In the wider sense the word "organic" has long been used in chemistry as an antithesis to inorganic. By organic chemistry is generally understood the chemistry of the compounds of carbon, that element being distinguished from all the others (some seventy-eight in number) by very important properties. It has, in the first place, the property of entering into an immense variety of combinations with other elements, and especially of uniting with oxygen, hydrogen, nitrogen, and sulphur to form the most complicated albuminoids (see the Riddle, chapter xiv.). Carbon is a biogenetic element of the first importance, as I explained in my carbon-theory in 1866. It might even be called "the creator of the organic world." At first these organogenetic compounds do not appear in the organism in organized form—that is to say, they are not yet distributed into organs with definite purposes. Such organization is a result, not the cause, of the life-process.

I have already shown in the fourteenth chapter of the Riddle(and at greater length in the fifteenth chapter of my History of Creation) that the belief in the essential unity of nature, or the monism of the cosmos, is of the greatest importance for our whole system. I gave a very thorough justification of this cosmic monism in 1866. In the fifth chapter of the Generelle Morphologie I considered the relation of the organic to the inorganic in every respect, pointing out the differences between them on the one hand, and their points of agreement in matter, form, and force on the other.

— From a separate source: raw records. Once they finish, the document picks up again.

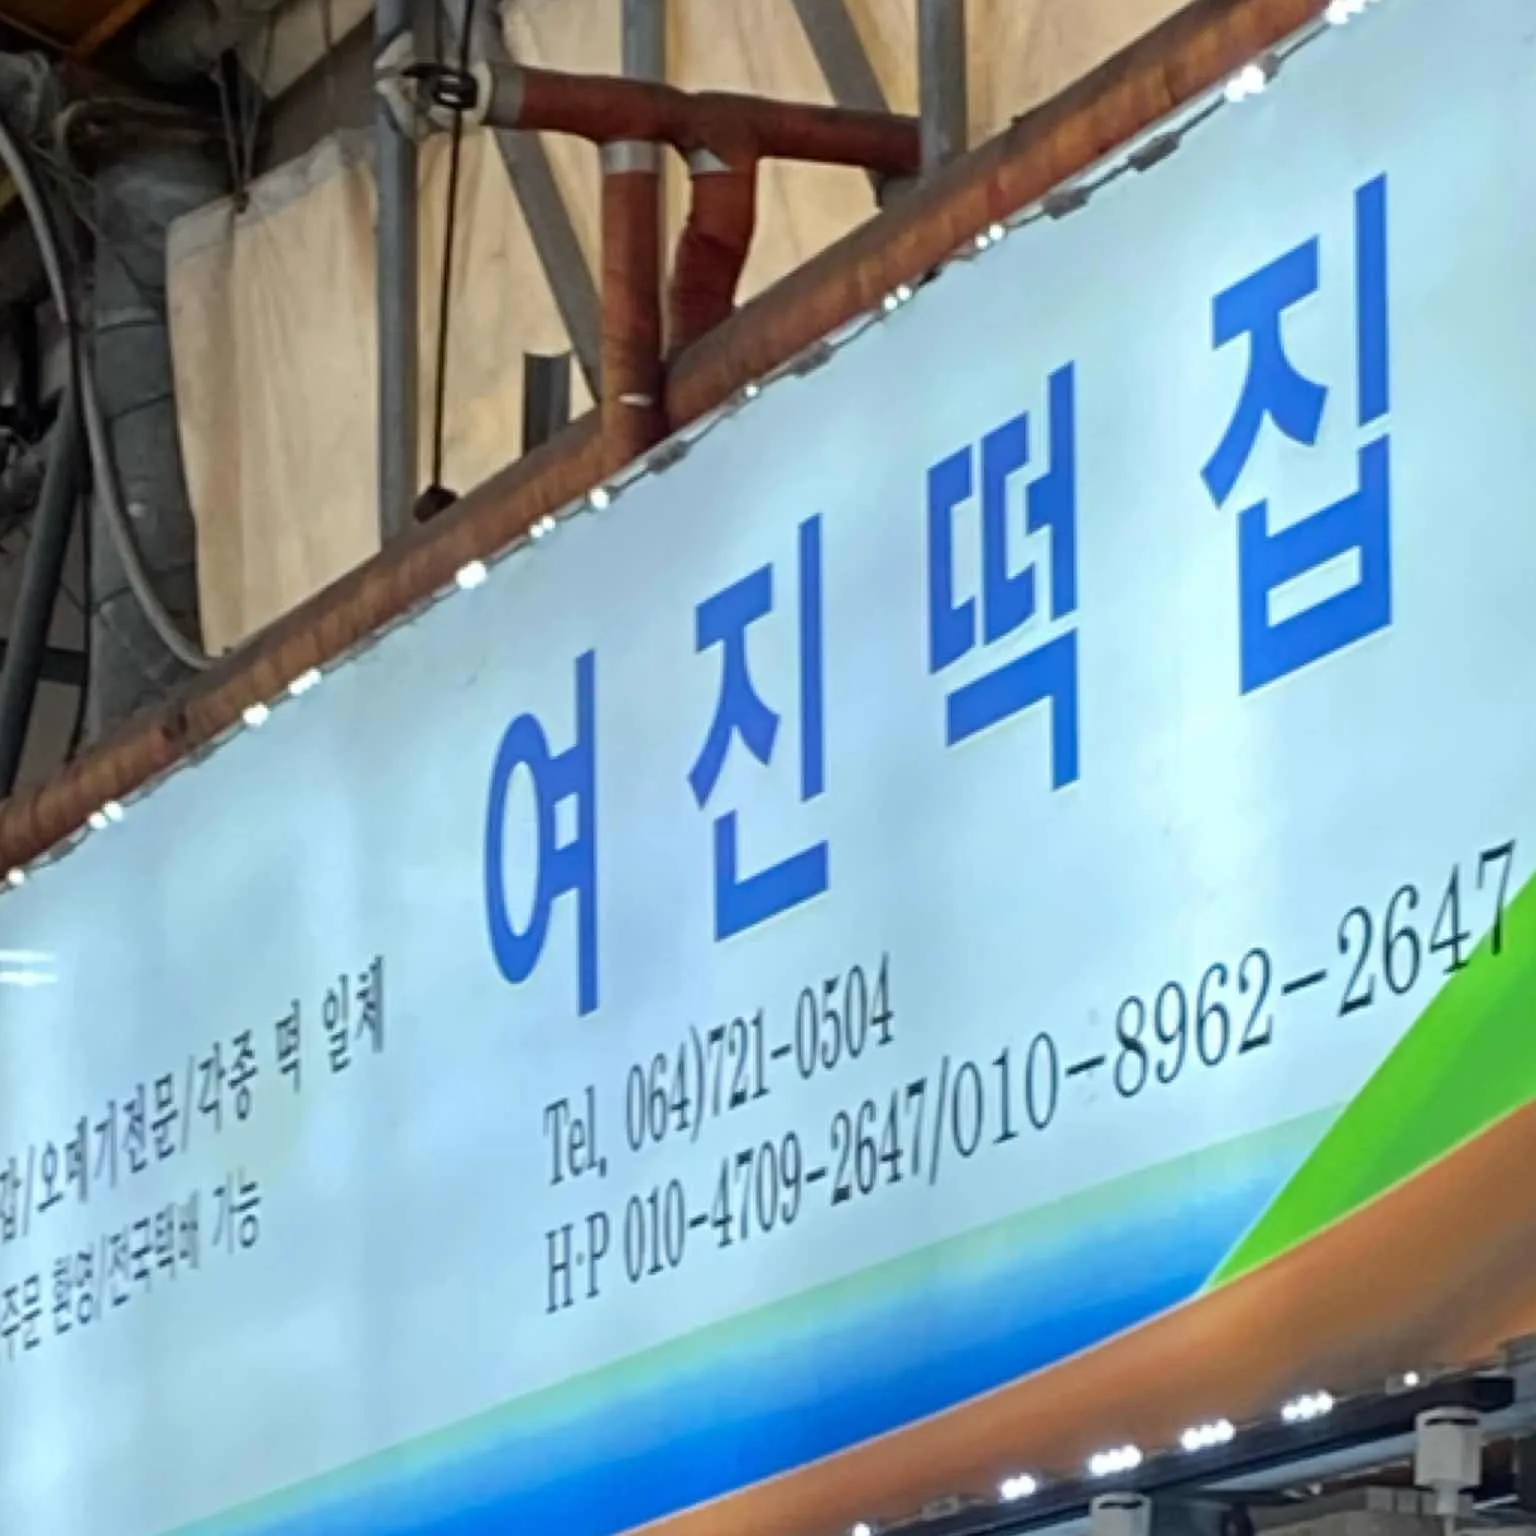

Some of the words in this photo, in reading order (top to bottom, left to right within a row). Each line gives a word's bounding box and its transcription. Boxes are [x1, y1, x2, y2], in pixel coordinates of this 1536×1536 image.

[484, 175, 1394, 1017] 여진떡집
[624, 950, 895, 1155] 064)721-0504
[211, 1166, 262, 1255] 가능
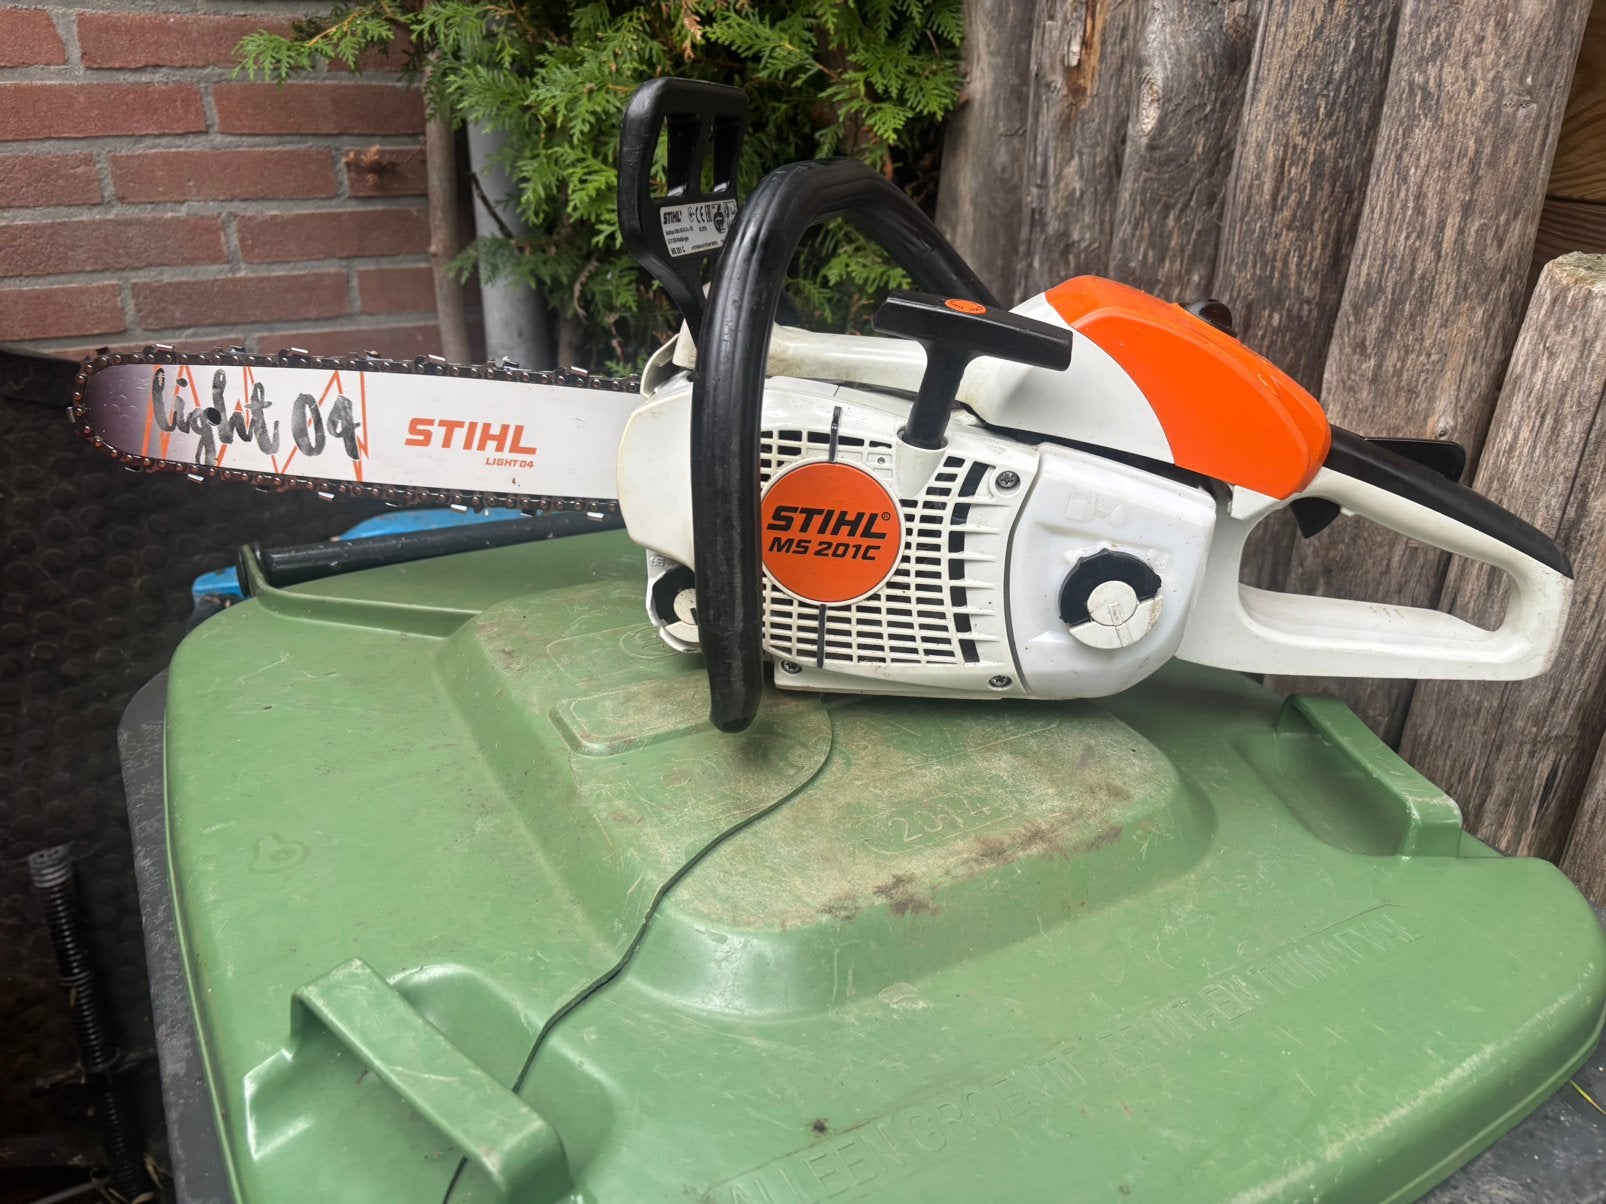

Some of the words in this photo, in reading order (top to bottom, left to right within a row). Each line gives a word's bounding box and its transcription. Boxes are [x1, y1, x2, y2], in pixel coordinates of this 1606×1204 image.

[663, 210, 682, 225] STIHL
[404, 417, 538, 455] STIHL
[768, 537, 812, 555] MS
[813, 541, 881, 561] 201C

Nägeli some time afterwards declared similarly for the unity of nature in his able Mechanisch-physiologische Begründung der Abstammungslehre(1884). Wilhelm Ostwald has recently done the same, from the monistic point of view of his system of energy, in his Naturphilosophie, especially in the sixteenth chapter. Without being acquainted with my earlier work, he has impartially compared the physico-chemical processes in the organic and inorganic worlds, partly adducing the same illustrations from the instructive field of crystallization. He came to the same monistic conclusions that I reached thirty-six years ago. As most biologists continue to ignore them, and as, especially, modern vitalism thrusts these inconvenient facts out of sight, I will give a brief summary once more of the chief points as regards the matter, form, and forces of bodies.

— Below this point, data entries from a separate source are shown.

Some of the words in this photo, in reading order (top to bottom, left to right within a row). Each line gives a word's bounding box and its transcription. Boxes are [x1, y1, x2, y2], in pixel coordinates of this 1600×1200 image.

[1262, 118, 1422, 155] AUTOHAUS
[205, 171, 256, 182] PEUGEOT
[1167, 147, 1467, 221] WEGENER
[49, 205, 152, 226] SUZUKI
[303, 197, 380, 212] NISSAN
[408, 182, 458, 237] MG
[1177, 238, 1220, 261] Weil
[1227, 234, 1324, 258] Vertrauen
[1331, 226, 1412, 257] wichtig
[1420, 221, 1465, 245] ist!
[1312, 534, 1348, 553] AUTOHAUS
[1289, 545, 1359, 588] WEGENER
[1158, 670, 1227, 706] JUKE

Chemical analysis shows that there are no elements present in organisms that are not found in inorganic bodies. The number of elements that cannot be further analyzed is now put at seventy-eight; but of these only the five organogenetic elements already mentioned which combine to form plasm—carbon, oxygen, hydrogen, nitrogen, and sulphur—are found invariably in living things. With these are generally (but not always) associated five other elements—phosphor, potassium, calcium, magnesium, and iron. Other elements may also be found in organisms; but there is not a single biological element that is not also found in the inorganic world. Hence the distinctive features which separate the one from the other can be sought only in some special form of combination of the elements. And it is carbon especially, the chief organic element, that by its peculiar affinity enters into the most diverse and complicated combinations with other elements, and produces the most important of all substances, the albuminoids, at the head of which is the living plasm (cf. chapter vi.).